ALXN-1840 for Wilson disease – Late Stage

On October 23, 2024, the Company entered into an exclusive license with Alexion, AstraZeneca Rare Disease whereby the Company gained worldwide rights to develop and commercialize ALXN-1840 (bis-choline tetrathiomolybdate). ALXN-1840 is a drug candidate for Wilson disease that is in late-stage development, having already completed a Phase 3 clinical trial. Monopar will be assembling a regulatory package and initiating discussions with the FDA, with an initial focus on Wilson disease patients with more severe symptoms. More details on this transaction can be found here (link).

MNPR‐-101 for Radiopharmaceutical Use – Phase 1

In August 2024, the Company received regulatory clearance in Australia to commence a first-in-human Phase 1a therapeutic clinical trial of its novel urokinase plasminogen activator receptor (uPAR)-targeted radiopharmaceutical therapy MNPR-101-Lu (MNPR-101 conjugated to lutetium-177) in patients with advanced solid cancers.
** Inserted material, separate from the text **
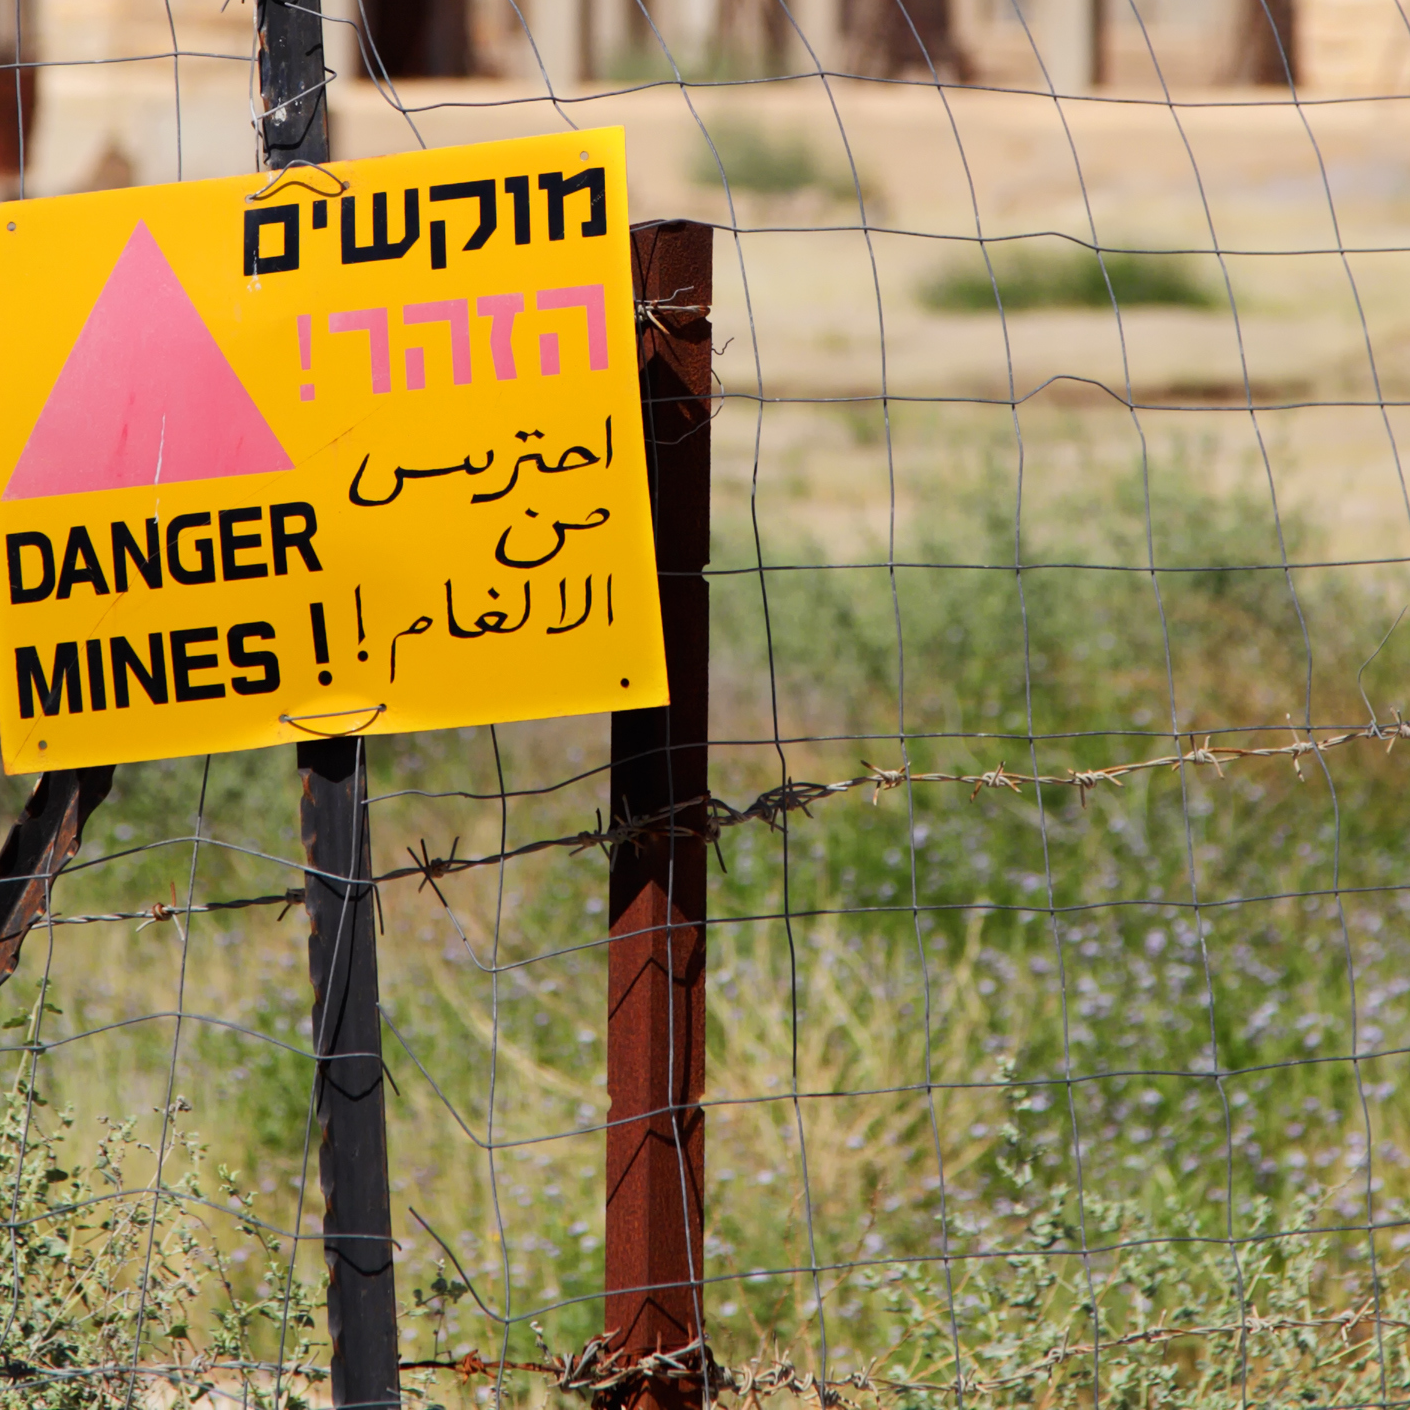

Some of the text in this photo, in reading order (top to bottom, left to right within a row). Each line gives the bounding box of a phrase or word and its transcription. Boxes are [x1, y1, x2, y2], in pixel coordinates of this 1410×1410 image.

The Company activated its first clinical trial site and launched the study in October 2024; the trial is currently active and recruiting patients.

In September 2024, the Company announced positive early clinical data from its ongoing open-label Phase 1 imaging and dosimetry clinical trial of MNPR-101-Zr that validate the tumor-targeting ability of MNPR-101-Zr. In October, the Company presented additional clinical data at the European Association of Nuclear Medicine Annual Congress 2024. The data demonstrate clear and durable tumor uptake of MNPR-101-Zr in a patient with advanced ovarian cancer and show favorable biodistribution with low off-target binding.

The Company is also actively exploring opportunities to expand its radiopharmaceutical pipeline primarily through internal development efforts. In October 2024, the Company announced the filing of a provisional patent application for new radiopharmaceutical compounds and a family of linkers used to connect radioisotopes with targeting agents, including its uPAR-targeting antibody MNPR-101. This provisional patent could enable the Company to use these linkers to create new proprietary radiopharmaceuticals to pursue well-established, high-value cancer targets of interest.

Capital Raise

On October 30, 2024, the Company completed a registered public offering of 1,181,540 shares of the Company’s common stock at $16.25 per share, generating net proceeds of approximately $17.7 million, after deducting placement agent fees and other estimated offering expenses.

Results for the Third Quarter Ended September 30, 2024 Compared to the Third Quarter Ended September 30, 2023

Cash and Net Loss

Cash and cash equivalents as of September 30, 2024, were $6.0 million. As noted above, the Company completed a registered public offering on October 30, 2024 that yielded net proceeds to the Company of approximately $17.7 million, after deducting placement agent fees and other estimated offering expenses.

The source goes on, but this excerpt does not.